Your copy of the data should match it exactly, except that the pictures are gone.

[Records from a data collection]
--- START ---

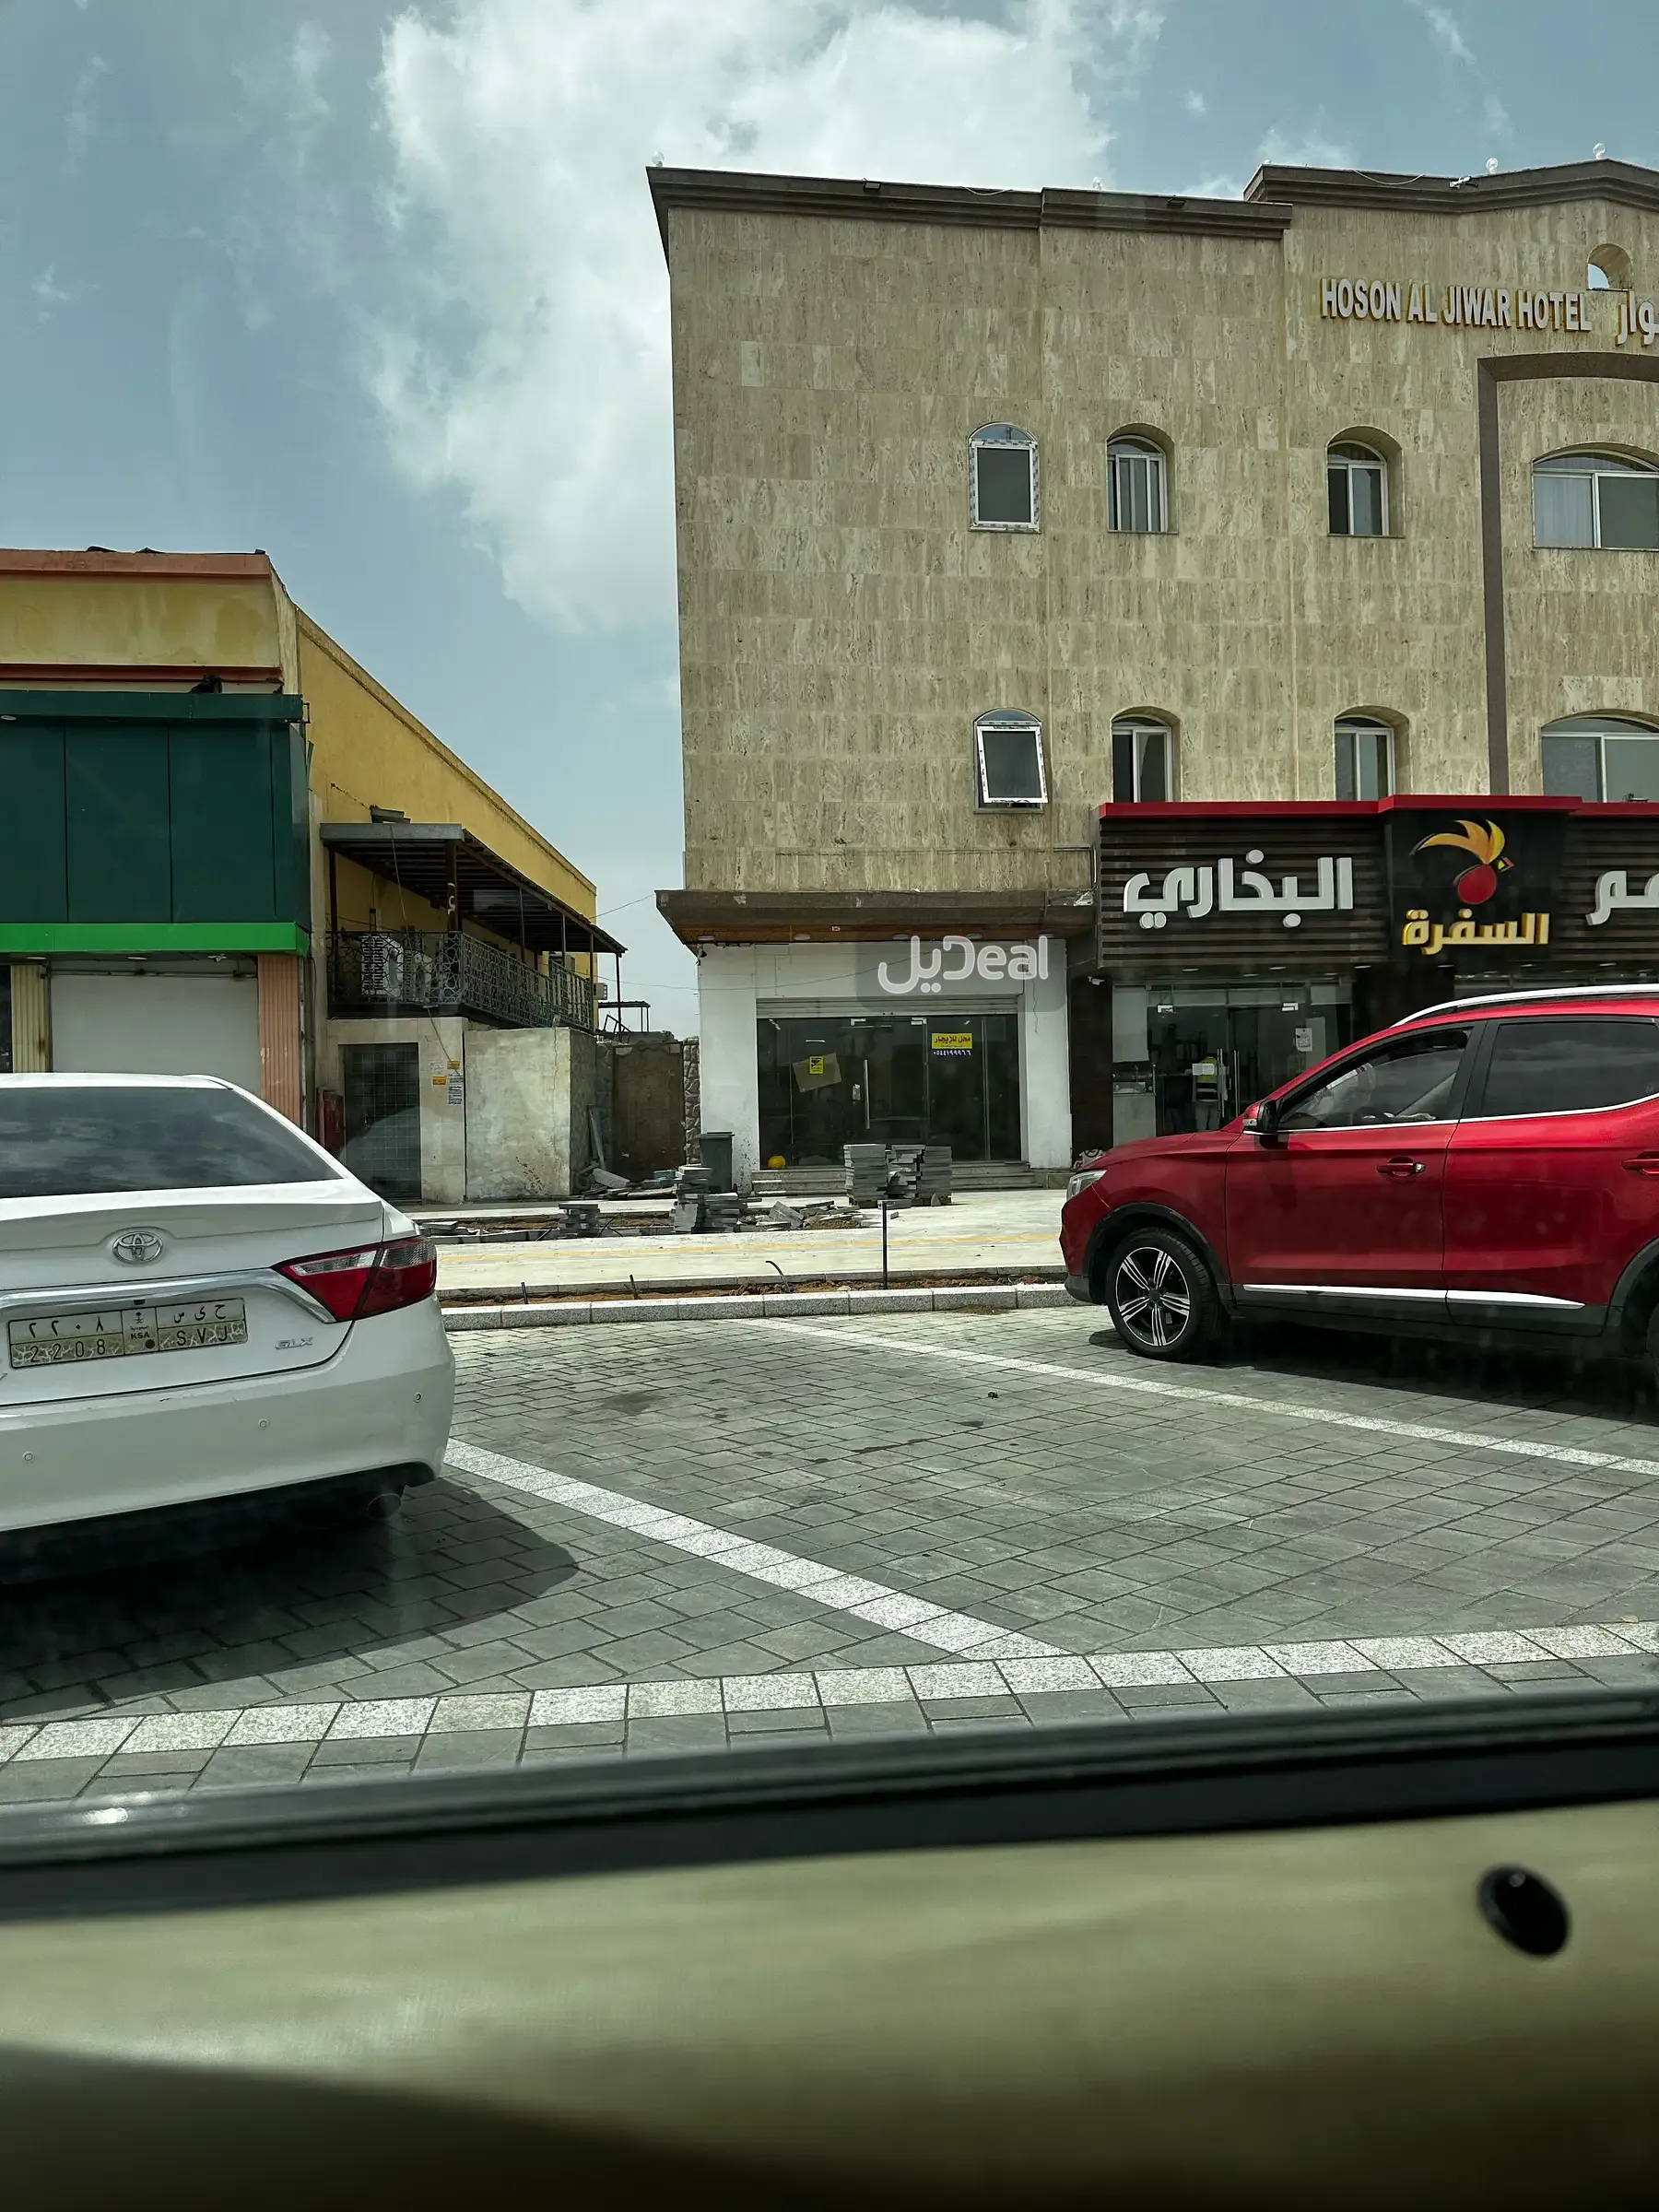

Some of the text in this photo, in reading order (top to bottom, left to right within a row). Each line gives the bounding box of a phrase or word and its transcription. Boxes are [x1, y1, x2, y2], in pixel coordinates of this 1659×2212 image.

[1321, 277, 1592, 332] HOSON AL JIWAR HOTEL
[1123, 849, 1354, 929] البخاري
[1401, 908, 1550, 955] السفرة
[958, 1035, 971, 1043] محل
[130, 1332, 150, 1340] KSA
[276, 1336, 313, 1349] GLX
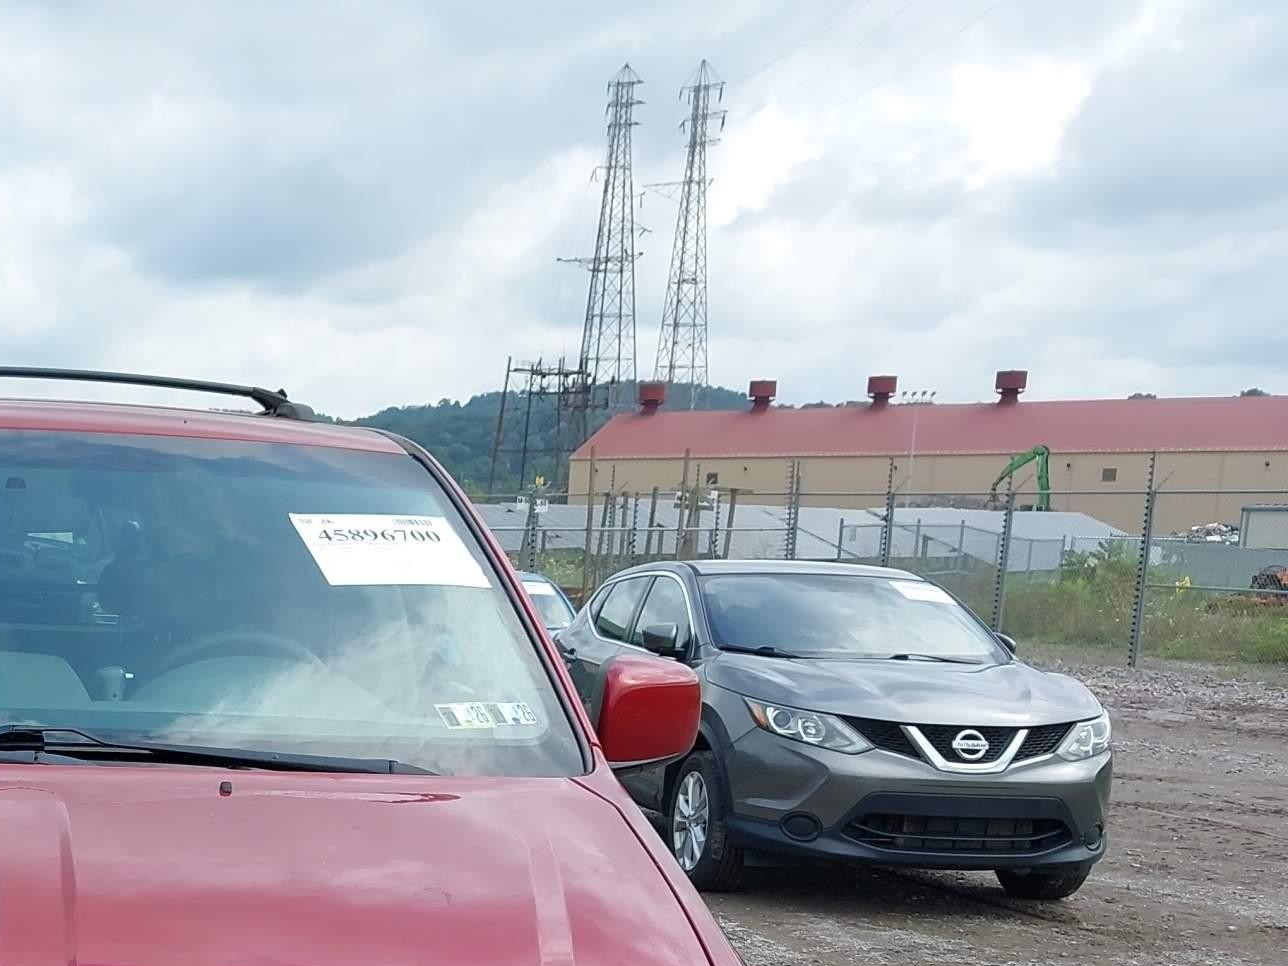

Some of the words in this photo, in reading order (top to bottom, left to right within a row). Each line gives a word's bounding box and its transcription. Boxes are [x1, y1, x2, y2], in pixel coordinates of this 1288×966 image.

--- END ---

• **SOLVED EXERCISE**
Some of the text in this photo, in reading order (top to bottom, left to right within a row). Each line gives the bounding box of a phrase or word and its transcription. Boxes are [x1, y1, x2, y2], in pixel coordinates of this 1659×2212 image.

[1321, 277, 1592, 332] HOSON AL JIWAR HOTEL
[1123, 849, 1354, 929] البخاري
[1401, 908, 1550, 955] السفرة
[958, 1035, 971, 1043] محل
[130, 1332, 150, 1340] KSA
[276, 1336, 313, 1349] GLX

Some of the words in this photo, in reading order (top to bottom, left to right within a row). Each line gives a word's bounding box and its transcription. Boxes are [x1, y1, x2, y2], in pixel coordinates of this 1288×966 image.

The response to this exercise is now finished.